Ia selalu berasumsi bahwa seseorang yang menyendiri dan tidak mudah didekati seperti Fang Zhuo akan menjadi pemurung dan tidak terduga. Namun sekarang, melihatnya berdiri diam di sana seperti pohon yang diam dan tidak bergerak, membawa kebanggaan seorang pengamat, ia menyadari bahwa Fang Zhuo mungkin tidak seperti itu.

Sebelum dia bisa memahami dengan tepat apa arti perasaan ini, Fang Zhuo sudah menyadari kehadirannya. Dia mengalihkan pandangannya, menatapnya sekali, lalu menekan sudut bibirnya, menarik kembali seringai yang tidak bisa dipahami itu dan kembali ke ekspresi tenang dan tanpa emosi seperti biasanya.

Dia tidak bertahan lama dan berbalik tanpa suara untuk pergi.

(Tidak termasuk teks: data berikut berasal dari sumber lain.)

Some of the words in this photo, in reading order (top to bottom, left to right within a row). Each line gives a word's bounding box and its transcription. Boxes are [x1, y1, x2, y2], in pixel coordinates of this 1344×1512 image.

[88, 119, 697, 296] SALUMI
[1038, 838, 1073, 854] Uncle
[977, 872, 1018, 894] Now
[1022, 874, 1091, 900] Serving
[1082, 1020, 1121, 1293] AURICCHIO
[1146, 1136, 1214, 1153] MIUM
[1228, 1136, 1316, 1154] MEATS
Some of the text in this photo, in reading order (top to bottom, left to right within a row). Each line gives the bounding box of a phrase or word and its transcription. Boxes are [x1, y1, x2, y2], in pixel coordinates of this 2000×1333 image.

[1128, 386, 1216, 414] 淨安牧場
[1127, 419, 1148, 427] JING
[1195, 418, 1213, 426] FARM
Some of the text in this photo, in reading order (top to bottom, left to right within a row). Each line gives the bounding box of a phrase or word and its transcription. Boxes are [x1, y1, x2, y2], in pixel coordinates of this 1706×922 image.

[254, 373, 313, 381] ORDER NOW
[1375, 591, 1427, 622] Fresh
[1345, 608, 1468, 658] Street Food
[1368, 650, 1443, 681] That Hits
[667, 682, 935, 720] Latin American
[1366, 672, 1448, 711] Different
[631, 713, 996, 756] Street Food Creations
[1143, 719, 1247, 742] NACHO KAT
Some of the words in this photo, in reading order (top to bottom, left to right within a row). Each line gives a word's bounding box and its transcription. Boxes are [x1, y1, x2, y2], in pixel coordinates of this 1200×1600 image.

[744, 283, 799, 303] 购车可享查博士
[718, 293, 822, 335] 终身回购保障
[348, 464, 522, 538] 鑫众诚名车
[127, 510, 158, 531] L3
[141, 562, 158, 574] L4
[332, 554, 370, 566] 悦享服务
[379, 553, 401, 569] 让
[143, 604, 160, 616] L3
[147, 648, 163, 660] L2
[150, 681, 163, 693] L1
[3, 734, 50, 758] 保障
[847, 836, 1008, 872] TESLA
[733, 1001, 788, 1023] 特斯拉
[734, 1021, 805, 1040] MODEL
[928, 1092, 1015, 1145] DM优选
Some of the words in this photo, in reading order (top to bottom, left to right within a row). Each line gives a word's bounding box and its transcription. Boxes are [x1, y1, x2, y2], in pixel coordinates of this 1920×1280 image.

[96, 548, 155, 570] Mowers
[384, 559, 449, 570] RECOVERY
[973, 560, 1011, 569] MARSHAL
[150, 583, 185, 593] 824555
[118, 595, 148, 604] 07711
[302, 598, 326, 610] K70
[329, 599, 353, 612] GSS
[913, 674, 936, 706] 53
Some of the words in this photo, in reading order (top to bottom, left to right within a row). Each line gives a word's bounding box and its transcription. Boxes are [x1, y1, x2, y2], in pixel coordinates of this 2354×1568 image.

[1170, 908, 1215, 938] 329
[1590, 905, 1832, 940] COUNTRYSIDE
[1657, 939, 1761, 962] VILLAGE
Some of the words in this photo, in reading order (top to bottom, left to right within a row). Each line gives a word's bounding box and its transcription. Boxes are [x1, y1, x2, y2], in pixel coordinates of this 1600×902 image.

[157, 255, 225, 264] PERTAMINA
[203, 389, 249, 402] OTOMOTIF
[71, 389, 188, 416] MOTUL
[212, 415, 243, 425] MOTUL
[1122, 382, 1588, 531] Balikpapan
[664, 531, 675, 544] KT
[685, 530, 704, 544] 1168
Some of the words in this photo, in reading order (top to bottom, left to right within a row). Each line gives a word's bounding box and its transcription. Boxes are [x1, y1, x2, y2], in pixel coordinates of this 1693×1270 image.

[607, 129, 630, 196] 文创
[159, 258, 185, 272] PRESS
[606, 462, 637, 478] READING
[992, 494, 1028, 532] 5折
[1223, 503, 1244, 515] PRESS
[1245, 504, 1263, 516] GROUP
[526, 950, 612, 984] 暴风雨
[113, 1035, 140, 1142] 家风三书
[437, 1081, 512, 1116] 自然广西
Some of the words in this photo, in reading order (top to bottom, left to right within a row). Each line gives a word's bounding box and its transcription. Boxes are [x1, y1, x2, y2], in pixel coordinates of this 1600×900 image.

Yan Lie masih mengangkat teleponnya di udara, memperhatikan punggung Fang Zhuo yang menjauh. Dia merasa kepribadian aneh Fang Zhuo menjadi sedikit lebih jelas.

Karena dia juga sering menunjukkan ekspresi yang sama kepada seseorang tertentu.

Bahasa Indonesia:

Fang Zhuo duduk di sofa. Adik laki-lakinya itu berjongkok di depan meja kopi di dekatnya, menonton TV. Dia memegang remote di satu tangan sambil bermain ponselnya, hanya sesekali melirik acara _variety show_ di layar.

Di luar, hujan belum juga berhenti, ringan dan tersebar, terus turun tanpa henti.

Tidak lama kemudian, Nyonya Lu pulang kerja. Ketika melihat Fang Zhuo di pintu, dia berhenti sebentar karena sedang mengganti sepatu. Kemudian dia mengangkat kepalanya dan memanggil nama putranya, dengan keras mendesaknya untuk mengerjakan pekerjaan rumahnya. Dia tidak melirik Fang Zhuo sedikit pun dan langsung masuk ke dapur untuk membantu Fang Yiming memasak.

Suara kap mesin yang bercampur dengan percakapan mereka yang berbisik-bisik terdengar samar-samar, kadang-kadang diselingi oleh suara peralatan makan yang berdenting. Nyonya Lu dengan kesal menata piring-piring.

Setengah jam kemudian, terdengar teriakan panjang dari dapur, memanggil putra bungsunya untuk datang makan.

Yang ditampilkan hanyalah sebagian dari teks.